INSTRUCTIONS FOR THE TASK:
This exercise calls for every record to be set down again, exactly and in full.
——————
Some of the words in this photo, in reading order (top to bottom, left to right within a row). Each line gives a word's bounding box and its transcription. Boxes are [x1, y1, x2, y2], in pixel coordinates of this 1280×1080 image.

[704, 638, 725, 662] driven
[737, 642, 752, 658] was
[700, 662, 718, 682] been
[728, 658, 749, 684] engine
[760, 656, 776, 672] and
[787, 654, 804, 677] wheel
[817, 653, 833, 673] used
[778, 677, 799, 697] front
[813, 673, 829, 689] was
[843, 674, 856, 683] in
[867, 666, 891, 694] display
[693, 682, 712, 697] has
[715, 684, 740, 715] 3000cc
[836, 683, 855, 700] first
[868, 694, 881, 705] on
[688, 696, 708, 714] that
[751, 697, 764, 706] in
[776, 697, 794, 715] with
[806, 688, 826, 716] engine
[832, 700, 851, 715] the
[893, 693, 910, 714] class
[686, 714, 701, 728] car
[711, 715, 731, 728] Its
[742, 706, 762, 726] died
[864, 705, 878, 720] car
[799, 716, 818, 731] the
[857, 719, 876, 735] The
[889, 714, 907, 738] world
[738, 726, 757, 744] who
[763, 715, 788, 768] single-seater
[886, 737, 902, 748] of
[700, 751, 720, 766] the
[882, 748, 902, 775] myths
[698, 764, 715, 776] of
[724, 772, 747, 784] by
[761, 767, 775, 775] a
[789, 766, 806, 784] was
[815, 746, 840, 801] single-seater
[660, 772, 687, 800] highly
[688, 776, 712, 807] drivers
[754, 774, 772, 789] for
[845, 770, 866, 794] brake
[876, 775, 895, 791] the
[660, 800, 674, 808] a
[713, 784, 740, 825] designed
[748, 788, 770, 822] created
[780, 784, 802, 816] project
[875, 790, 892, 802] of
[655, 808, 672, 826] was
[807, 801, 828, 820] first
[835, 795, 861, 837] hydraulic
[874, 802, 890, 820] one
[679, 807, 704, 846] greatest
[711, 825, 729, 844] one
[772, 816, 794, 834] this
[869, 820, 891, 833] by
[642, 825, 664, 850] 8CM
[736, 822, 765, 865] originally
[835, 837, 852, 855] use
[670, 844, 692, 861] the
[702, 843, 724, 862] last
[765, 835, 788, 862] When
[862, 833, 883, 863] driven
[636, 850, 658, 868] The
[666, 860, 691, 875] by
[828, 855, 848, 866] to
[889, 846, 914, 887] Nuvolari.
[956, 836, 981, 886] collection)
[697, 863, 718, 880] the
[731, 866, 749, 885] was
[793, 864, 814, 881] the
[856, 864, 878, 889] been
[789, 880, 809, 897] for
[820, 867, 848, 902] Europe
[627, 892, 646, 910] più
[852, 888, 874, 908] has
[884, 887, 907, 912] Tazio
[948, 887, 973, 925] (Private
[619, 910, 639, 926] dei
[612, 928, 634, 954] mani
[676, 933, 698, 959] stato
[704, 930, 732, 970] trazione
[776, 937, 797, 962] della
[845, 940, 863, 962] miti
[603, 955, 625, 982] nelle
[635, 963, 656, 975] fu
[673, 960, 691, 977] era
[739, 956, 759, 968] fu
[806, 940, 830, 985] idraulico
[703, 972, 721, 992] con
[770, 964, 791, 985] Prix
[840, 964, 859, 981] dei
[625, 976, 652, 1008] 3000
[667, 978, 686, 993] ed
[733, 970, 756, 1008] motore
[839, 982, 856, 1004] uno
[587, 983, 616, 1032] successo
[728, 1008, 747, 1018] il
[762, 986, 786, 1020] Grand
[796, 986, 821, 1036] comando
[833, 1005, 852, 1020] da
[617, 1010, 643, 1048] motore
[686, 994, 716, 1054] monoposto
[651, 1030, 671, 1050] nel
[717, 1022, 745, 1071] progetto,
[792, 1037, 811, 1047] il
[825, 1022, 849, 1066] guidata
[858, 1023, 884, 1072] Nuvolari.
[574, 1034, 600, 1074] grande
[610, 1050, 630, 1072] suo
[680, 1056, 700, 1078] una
——————
ANSWER BOX:
Some of the words in this photo, in reading order (top to bottom, left to right within a row). Each line gives a word's bounding box and its transcription. Boxes are [x1, y1, x2, y2], in pixel coordinates of this 1280×1080 image.

[704, 638, 725, 662] driven
[737, 642, 752, 658] was
[700, 662, 718, 682] been
[728, 658, 749, 684] engine
[760, 656, 776, 672] and
[787, 654, 804, 677] wheel
[817, 653, 833, 673] used
[778, 677, 799, 697] front
[813, 673, 829, 689] was
[843, 674, 856, 683] in
[867, 666, 891, 694] display
[693, 682, 712, 697] has
[715, 684, 740, 715] 3000cc
[836, 683, 855, 700] first
[868, 694, 881, 705] on
[688, 696, 708, 714] that
[751, 697, 764, 706] in
[776, 697, 794, 715] with
[806, 688, 826, 716] engine
[832, 700, 851, 715] the
[893, 693, 910, 714] class
[686, 714, 701, 728] car
[711, 715, 731, 728] Its
[742, 706, 762, 726] died
[864, 705, 878, 720] car
[799, 716, 818, 731] the
[857, 719, 876, 735] The
[889, 714, 907, 738] world
[738, 726, 757, 744] who
[763, 715, 788, 768] single-seater
[886, 737, 902, 748] of
[700, 751, 720, 766] the
[882, 748, 902, 775] myths
[698, 764, 715, 776] of
[724, 772, 747, 784] by
[761, 767, 775, 775] a
[789, 766, 806, 784] was
[815, 746, 840, 801] single-seater
[660, 772, 687, 800] highly
[688, 776, 712, 807] drivers
[754, 774, 772, 789] for
[845, 770, 866, 794] brake
[876, 775, 895, 791] the
[660, 800, 674, 808] a
[713, 784, 740, 825] designed
[748, 788, 770, 822] created
[780, 784, 802, 816] project
[875, 790, 892, 802] of
[655, 808, 672, 826] was
[807, 801, 828, 820] first
[835, 795, 861, 837] hydraulic
[874, 802, 890, 820] one
[679, 807, 704, 846] greatest
[711, 825, 729, 844] one
[772, 816, 794, 834] this
[869, 820, 891, 833] by
[642, 825, 664, 850] 8CM
[736, 822, 765, 865] originally
[835, 837, 852, 855] use
[670, 844, 692, 861] the
[702, 843, 724, 862] last
[765, 835, 788, 862] When
[862, 833, 883, 863] driven
[636, 850, 658, 868] The
[666, 860, 691, 875] by
[828, 855, 848, 866] to
[889, 846, 914, 887] Nuvolari.
[956, 836, 981, 886] collection)
[697, 863, 718, 880] the
[731, 866, 749, 885] was
[793, 864, 814, 881] the
[856, 864, 878, 889] been
[789, 880, 809, 897] for
[820, 867, 848, 902] Europe
[627, 892, 646, 910] più
[852, 888, 874, 908] has
[884, 887, 907, 912] Tazio
[948, 887, 973, 925] (Private
[619, 910, 639, 926] dei
[612, 928, 634, 954] mani
[676, 933, 698, 959] stato
[704, 930, 732, 970] trazione
[776, 937, 797, 962] della
[845, 940, 863, 962] miti
[603, 955, 625, 982] nelle
[635, 963, 656, 975] fu
[673, 960, 691, 977] era
[739, 956, 759, 968] fu
[806, 940, 830, 985] idraulico
[703, 972, 721, 992] con
[770, 964, 791, 985] Prix
[840, 964, 859, 981] dei
[625, 976, 652, 1008] 3000
[667, 978, 686, 993] ed
[733, 970, 756, 1008] motore
[839, 982, 856, 1004] uno
[587, 983, 616, 1032] successo
[728, 1008, 747, 1018] il
[762, 986, 786, 1020] Grand
[796, 986, 821, 1036] comando
[833, 1005, 852, 1020] da
[617, 1010, 643, 1048] motore
[686, 994, 716, 1054] monoposto
[651, 1030, 671, 1050] nel
[717, 1022, 745, 1071] progetto,
[792, 1037, 811, 1047] il
[825, 1022, 849, 1066] guidata
[858, 1023, 884, 1072] Nuvolari.
[574, 1034, 600, 1074] grande
[610, 1050, 630, 1072] suo
[680, 1056, 700, 1078] una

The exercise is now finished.